Él tocó el comunicador. —Sigo aquí.

—Bien. Suenas… raro.

—Solo es el zumbido.

—Ya lo oigo —dijo ella, casi sonriendo.

La línea se cortó, dejando una calidez donde había estado su voz.

La cosa en su pecho reaccionó a ese sonido como un león a una mano en su melena.

«Ha pronunciado tu nombre. Puedes respirar».

Esbozó una sonrisa a la nada. —Recibido —le dijo al aire vacío.

El canal estaba cerrado y nadie podía oírlo. Pero mantuvo la sonrisa porque era más fácil que dejarla desaparecer. No quería que la gente conociera los oscuros pensamientos de su cabeza. No quería que nadie viera en qué se estaba convirtiendo.

Pero la voz en su interior se hacía cada vez más fuerte.

Y no estaba del todo equivocada.

Negando con la cabeza, Lachlan apartó esos pensamientos y volvió a centrar su atención en lo que estaba ocurriendo a su alrededor.

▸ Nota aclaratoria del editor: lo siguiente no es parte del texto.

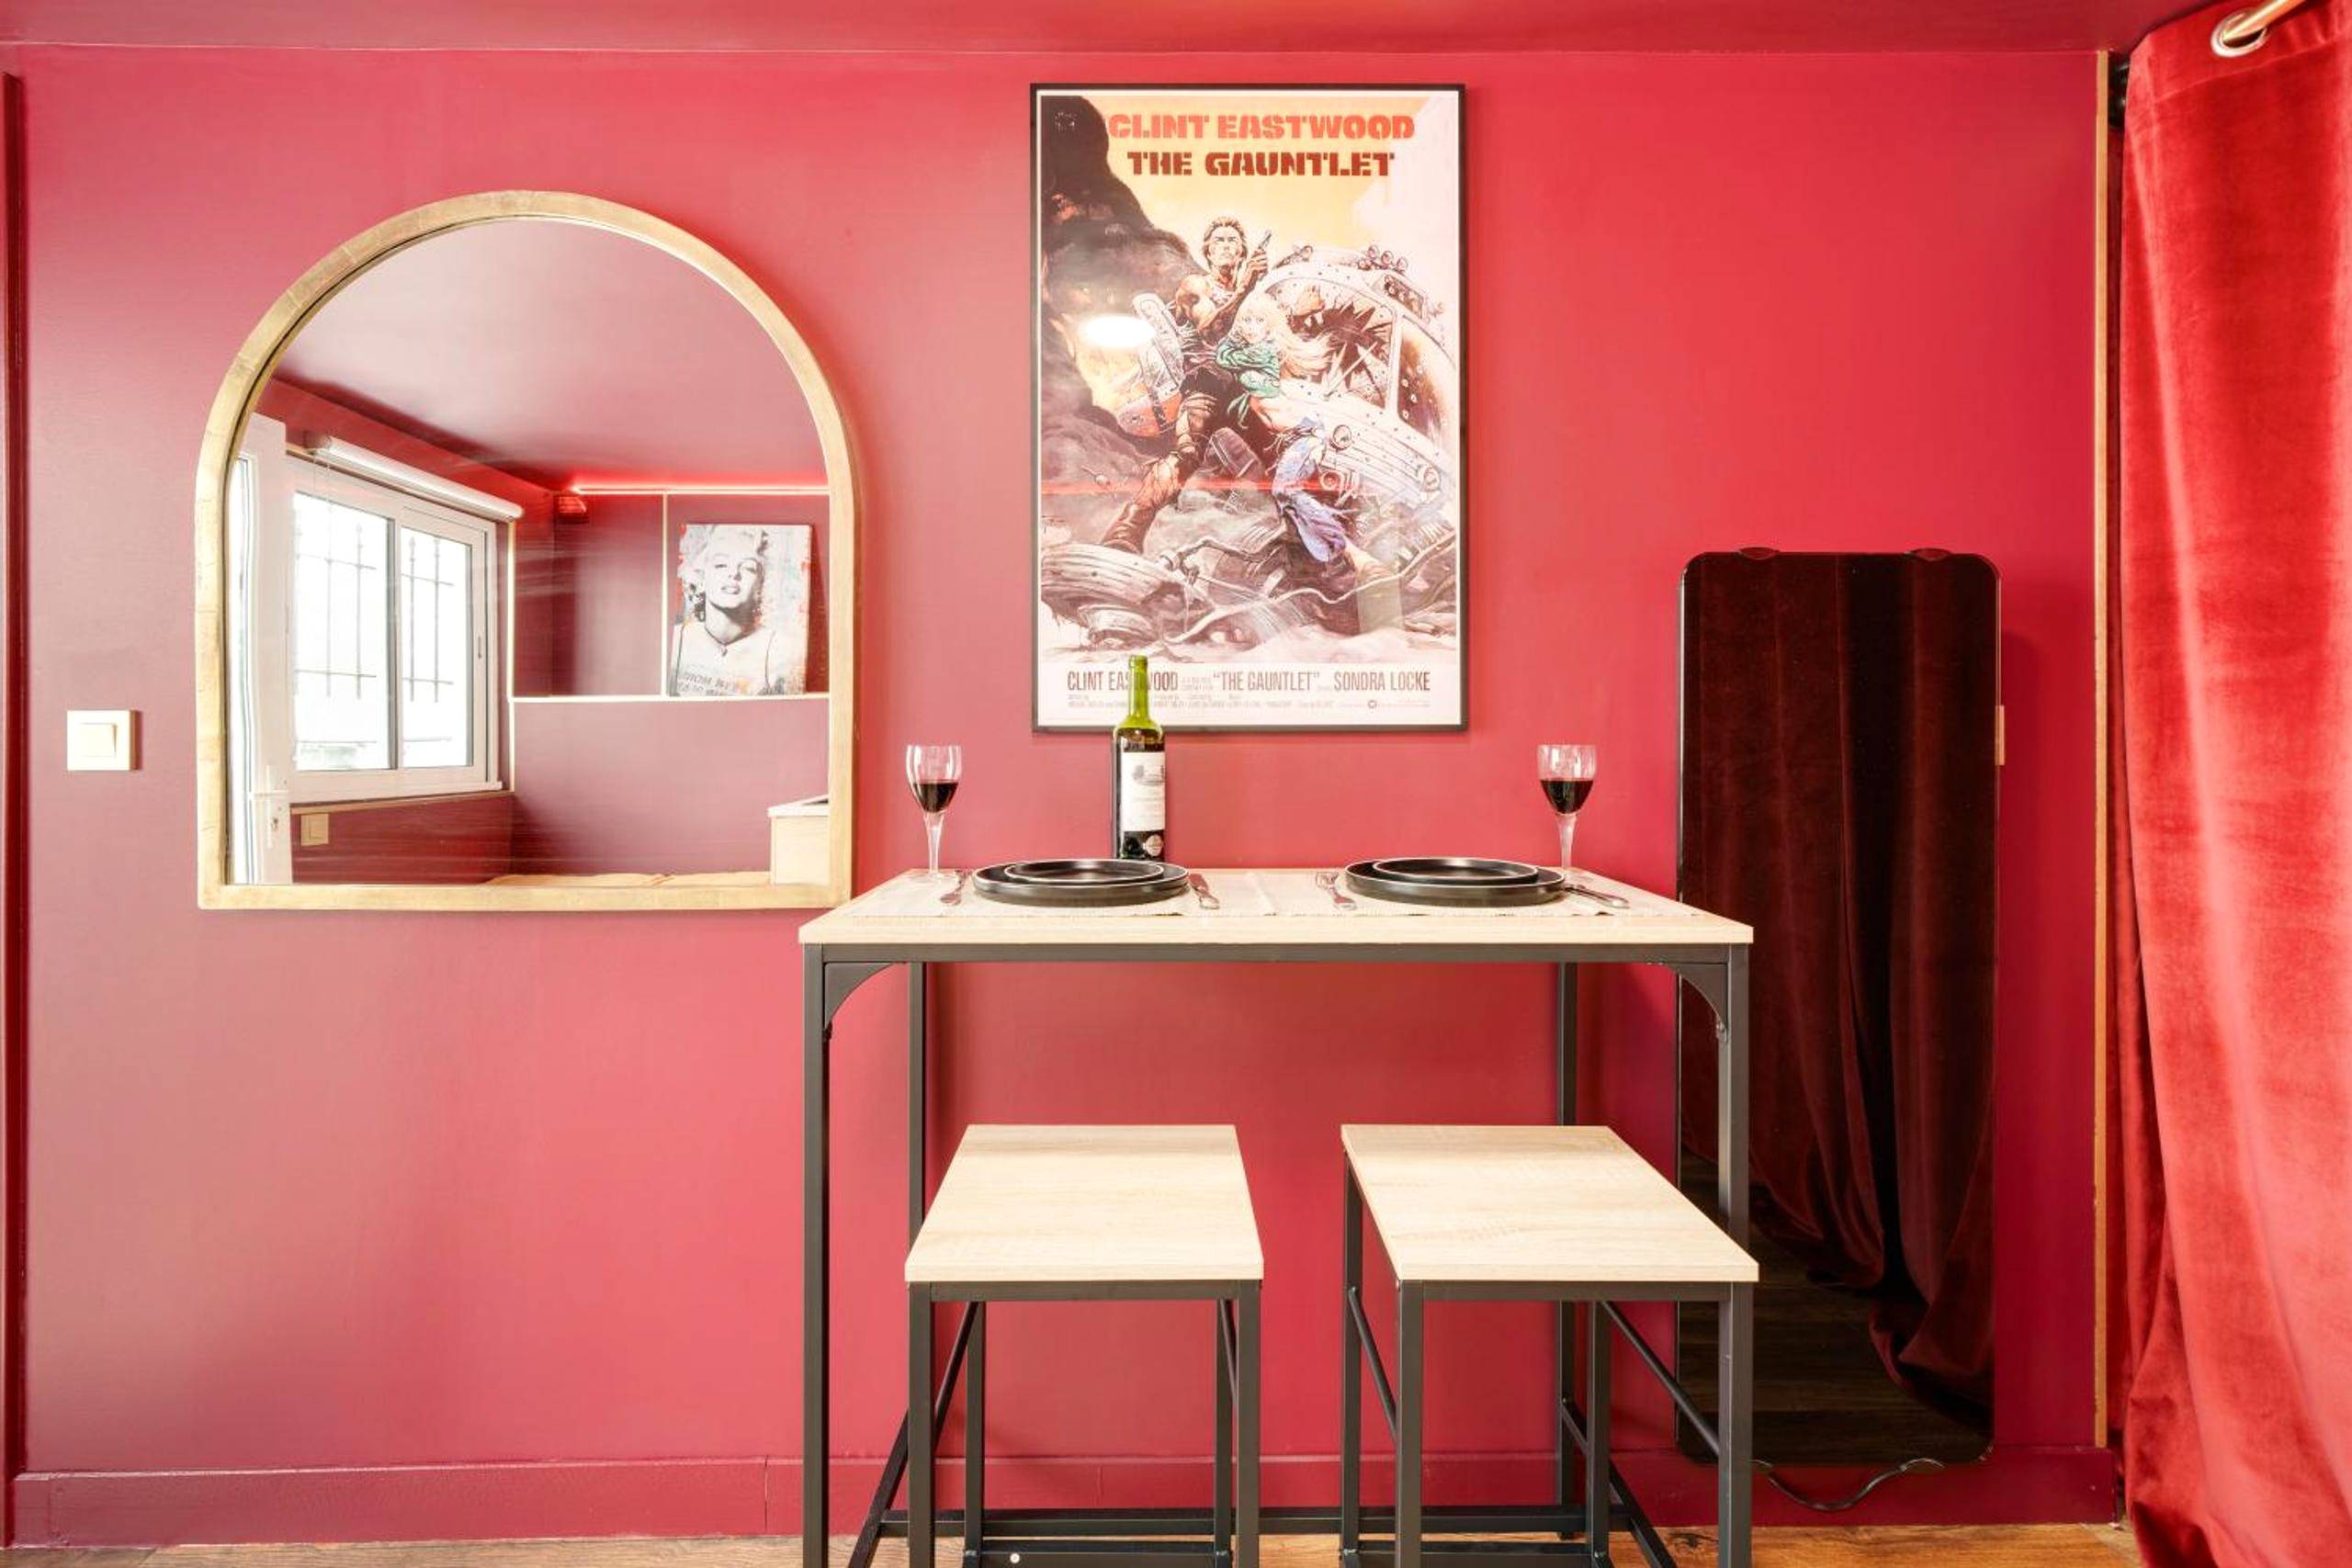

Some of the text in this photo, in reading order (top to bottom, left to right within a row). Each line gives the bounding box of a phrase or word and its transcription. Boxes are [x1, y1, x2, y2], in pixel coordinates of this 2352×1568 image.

[1108, 114, 1415, 139] CLINT EASTWOOD
[1126, 152, 1395, 176] THE GAUNTLET
[1067, 671, 1104, 691] CLINT
[1333, 671, 1386, 691] SONDRA
[1390, 671, 1431, 691] LOCKE

Abajo, la cuña se cerró cuando las motos llegaron a un estrechamiento en el camino: dos viejas líneas de vallas que se acercaban, con rocas apiladas para mantener al ganado en un mundo que ya no tenía ganado.

A los pilotos no les importaba la historia. Trazaron sus líneas a través de él como siempre lo habían hecho, uno detrás de otro, sin imaginación, sin miedo.

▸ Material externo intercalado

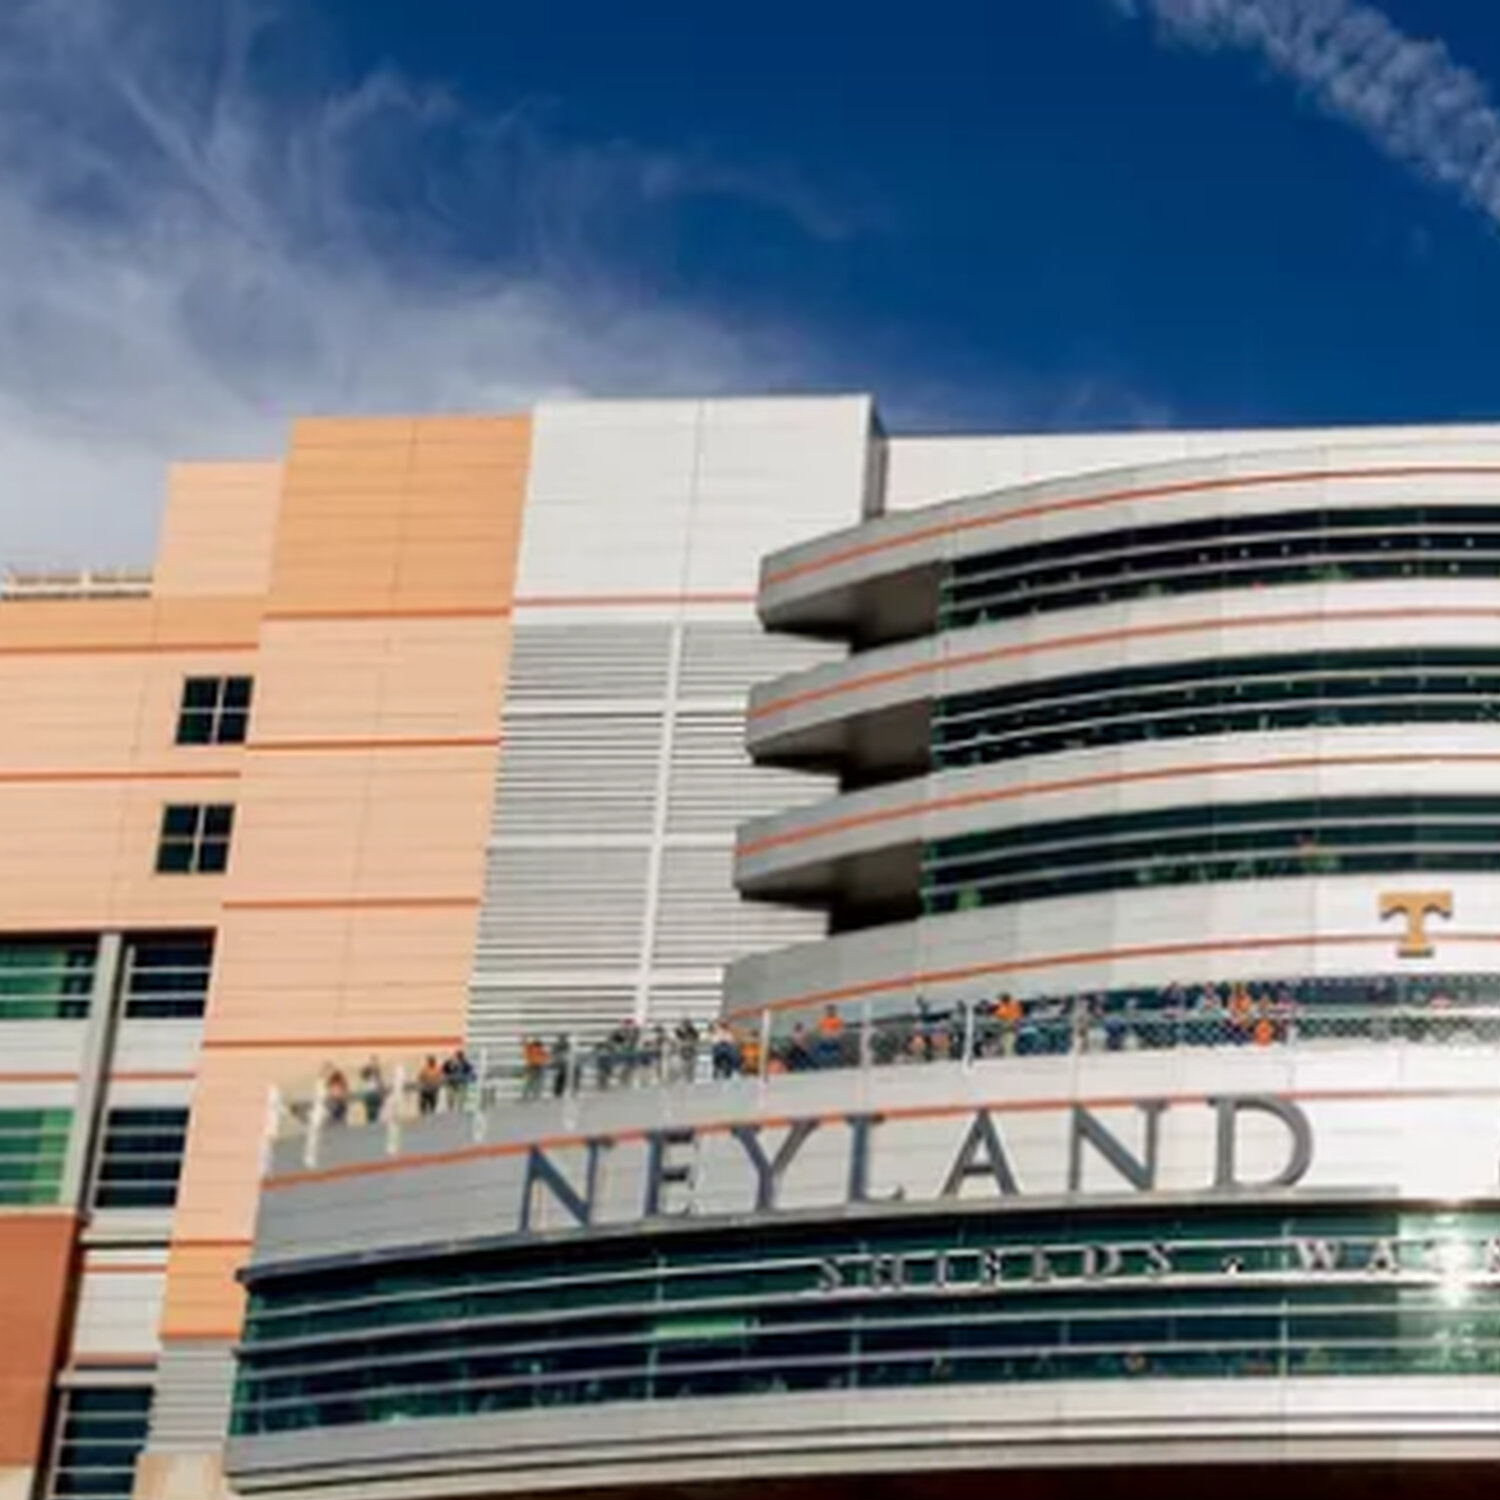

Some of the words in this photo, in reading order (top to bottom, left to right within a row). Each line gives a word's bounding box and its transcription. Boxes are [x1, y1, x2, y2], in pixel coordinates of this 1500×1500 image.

[1379, 891, 1452, 959] T
[517, 1094, 1315, 1235] NEYLAND
[818, 1242, 1172, 1292] SHIELDS

La plataforma se tambaleó cuando su conductor corrigió tarde. La jaula de la caja traqueteó. Algo dentro golpeó hueso y dientes contra el acero y volvió a guardar silencio.

El artillero del primer lanzallamas dejó caer la lanza, ensayando el ángulo que usaría si un camión o un Hummer bloqueaban el carril más adelante. No sabía que el terreno era anómalo. No sabía que la fuga estaba bajo la junta, esperando.

—Columna a cien —dijo Lachlan—. La carga del camión de cabeza es inestable. La moto cuatro ya se está quedando atrás.

—Copiado —dijo Zubair—. Espera.

La mano de Lachlan cubrió el comunicador. No fue consciente del movimiento hasta que sintió el calor de su propio aliento en los dedos. Volvió a soltarlo.

«Él cree que la calma es amabilidad. Nunca te ha oído pasar hambre».

—Cállate —masculló.

«Di por favor y lo haré», respondió su criatura.

Él resopló una vez y se movió a la siguiente repisa de roca para tener un tiro más limpio al artillero del lanzallamas por si todo salía mal. La mira del rifle redujo de nuevo la distancia a unos simples ojos y manos.